Wednesday, June 21, 2017

{bad mental health day}

Some days the thought of one more health worker coming to see my mom is enough to drive me nuts. Yesterday we had the last visit (yes, waste of time and resources anyway) from her physical therapist, plus she got a bath from her aide. Today her nurse comes. So tired of having strangers in my house. The feeling of having to get up and moving as soon as I wake up.

I want my house back. It's not a safe place anymore. Too much activity revolving around my mom.
Every TIA/mini stroke makes her a bit more addled. Childlike. Like having a mentally ill person in the house, which I guess is true. I told her Monday her aide had to come on Tuesday because of the aide's own doctor's appointment.  Mom said she thought it was a holiday anyway. Washington's birthday. Well, no. Few months off.

Medicare/Medicaid will pay for Mom to have the nurse once a week and baths twice a week through the summer, then she'll likely be cut loose. We'll have to then self-pay for baths, something my brothers will help pay for. I draw the line at giving her baths. Sorry.
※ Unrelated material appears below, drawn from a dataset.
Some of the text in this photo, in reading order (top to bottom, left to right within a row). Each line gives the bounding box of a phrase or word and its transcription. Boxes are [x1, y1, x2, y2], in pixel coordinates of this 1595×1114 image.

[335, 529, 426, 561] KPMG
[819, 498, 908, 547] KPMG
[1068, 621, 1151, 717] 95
Part of my frustration is the 2 hour window of when folks come. Then I'll get the text...'On my way,' and I scramble. My girls are amazing. Tidy bathroom, fetch bath chair, get stack of folded towels ready, put up dogs, get dressed if I'm slow. 

But then I feel guilty. I should be grateful, maybe? Glad my mom is soldiering on? Happy she wakes up each morning? Actually, I think my relief will be so great when God calls her home, not even sure of the grieving process.

I have a friend, known her since we were 15, and her mom will soon move in with them. I told her, be sure this is what you want to do. Research. Look at your mom's money. Think hard. But my friend will be superwoman. She'll take her in. And it will exhaust her.

A friend at church praises us for having my mom. Says that's what families do. I just want to kick him in the shins.